Mental Grounding Techniques

  1. Use an anchor phrase, this is usually something simple like 'I am <name>, I am X years old, I live in Leeds. Today is Monday, 15th November 2021. It's 3 in the afternoon and I'm sitting at the desk in my studio. It's really easy to kee adding by noting the weather and how many people are nearby etc.

  2. Imagine yourself leaving the painful feelings behind, this could be popping them into a box, swimming to shore and getting out of water or your thoughts as a tv channel that you can switch over or turn down the volume on.

  3. Use colours, pick a colour and think about all the different ways you could mix that together e.g. orange, by mixing yellow and red, how would you make that orange darker or lighter? What colour compliments it really well?

  4. Recite something, if you have a favourite book, poem or film that you know off by heart, go over it in your head or aloud, picture each word as you say it in your head or focus on the way your mouth moved with each sound you're making.

  5. Write a short story about what's going on around you, grab a paper and pen and write about the space you're in, what colour are the walls, are they textured, does the carpet match?

Soothing Grounding Techniques

  1. Picture the voice or face of someone you love, imagine them telling you that 'although this is tough right now, you'll get through it'. Picture the small details of their face, do they have freckles, how long is their hair.

  2. Practice self-kindness, think of what you would say to a friend or a 7-year-old version of yourself, and direct it at yourself now. We can only ever do the best we can with the resources we have in this current moment and that's ok.

  3. Visualise your favourite place, whether it's the home of a loved one or a foreign country. Use all your senses to create a mental image, what time of year is it, who's there with you?

  4. Practice gratitude, list 5 things in your life that bring you joy, think about the 'because', what is it about this thing that you're thankful for?

  5. Touch something comforting, whether that's a fluffy cuddly toy, a smooth stone, a flat surface, a soft carpet. Spend a moment thinking about how it feels on your skin, is it warm or cold?

Grounding isn't always easy, it can be tricky to remember these ideas in a distressing moment. Top Tip number 2 is to practice grounding regularly when you aren't feeling distressed, if you can get used to what works for you it'll make it easier to think of when you're not feeling great.


Top Tip number 3, check in with yourself before and after, finding what works for you is trial and error. If you can rate your discomfort at the start and the end of a grounding technique it'll help you to work out which type or which practice works best for you.

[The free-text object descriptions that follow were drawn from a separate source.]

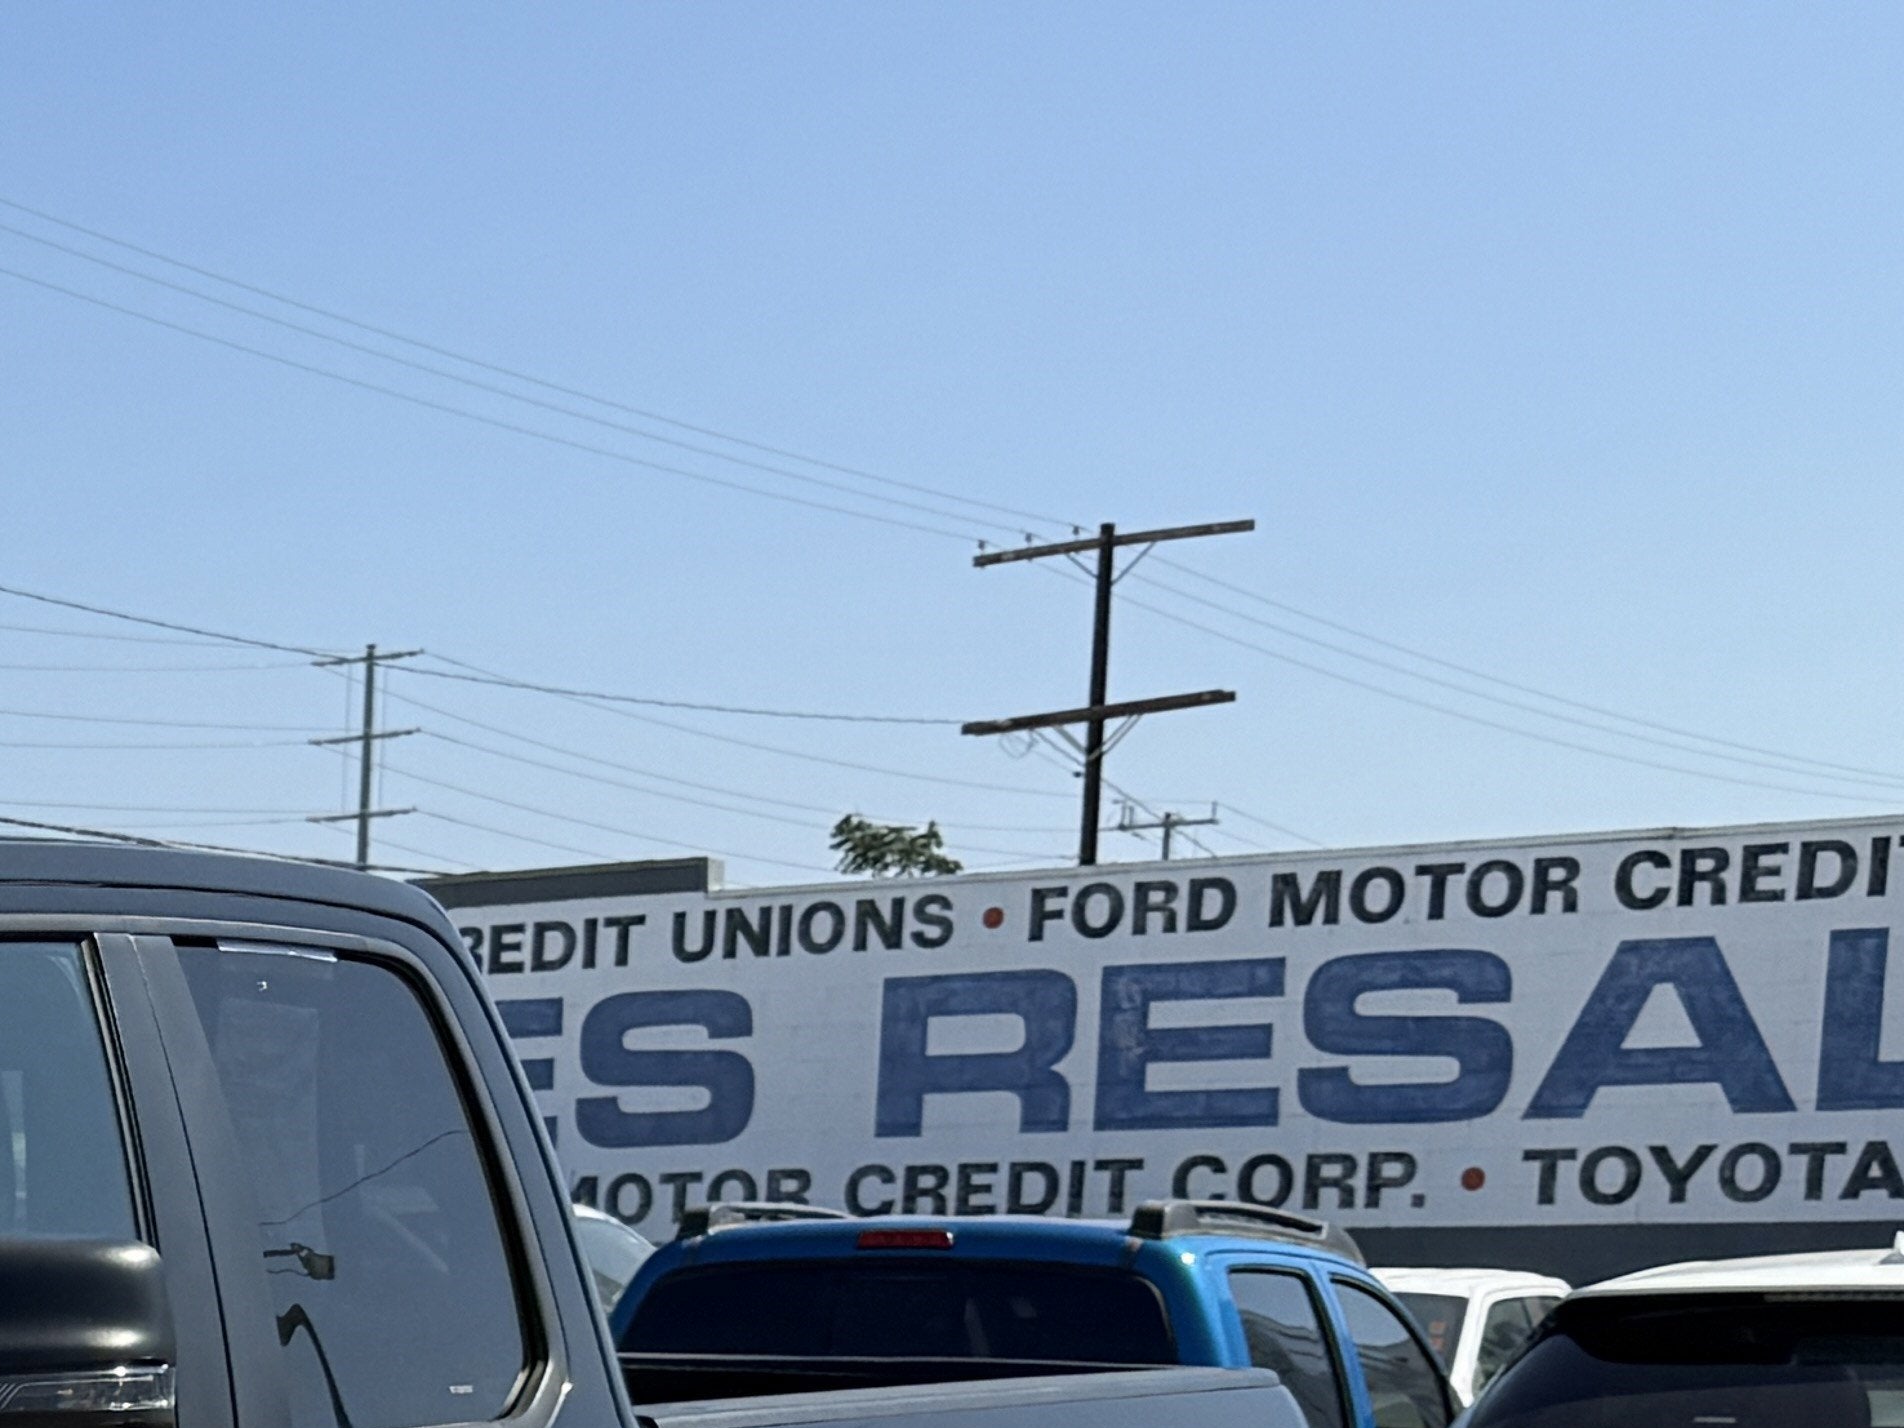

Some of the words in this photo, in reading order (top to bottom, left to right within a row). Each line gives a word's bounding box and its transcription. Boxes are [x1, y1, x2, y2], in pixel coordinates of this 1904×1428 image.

[672, 895, 955, 964] UNIONS
[1028, 875, 1238, 942] FORD
[1268, 856, 1581, 928] MOTOR
[1614, 835, 1904, 911] CREDI
[844, 1158, 1145, 1217] CREDIT
[1171, 1151, 1427, 1210] CORP.
[1521, 1140, 1904, 1206] TOYOTA
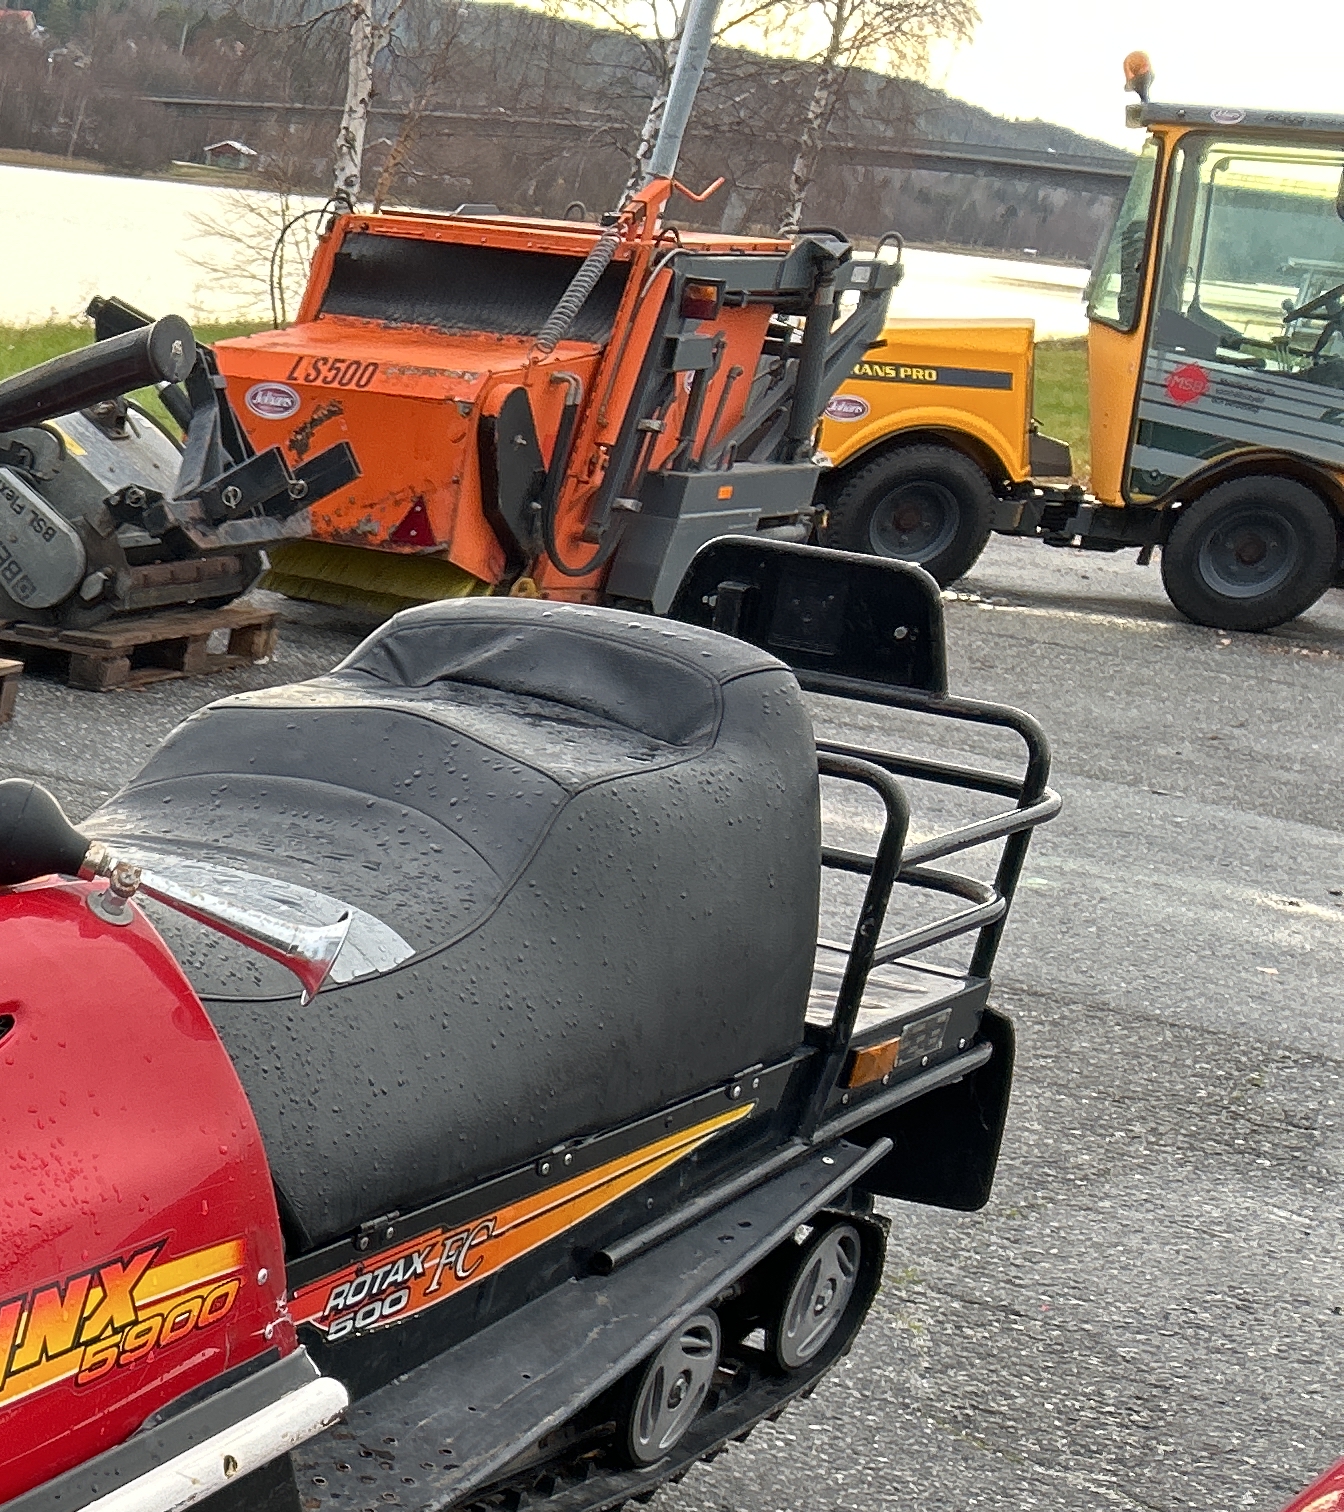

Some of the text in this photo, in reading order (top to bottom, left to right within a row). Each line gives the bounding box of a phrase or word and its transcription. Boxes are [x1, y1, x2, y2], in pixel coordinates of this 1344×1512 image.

Fitting with today's prompt, why not try focusing your grounding techniques on nature? Earthing is a really great example of this. Earthing is the practice of reconnecting yourself energetically to the earth. It's been related to reduced inflammation, cardiovascular disease, muscle damage chronic pain, and mood! All you need to do is find the closest patch of earth and take off your shoes to really feel the ground beneath you and release energy that's no longer serving you and soak up that which will.


You can focus on the feel of the earth beneath your feet, imagine roots stretching down into the ground to anchor yourself to the earth or even imagine the sensations that you'd experience earthing on different surfaces, like sand and concrete.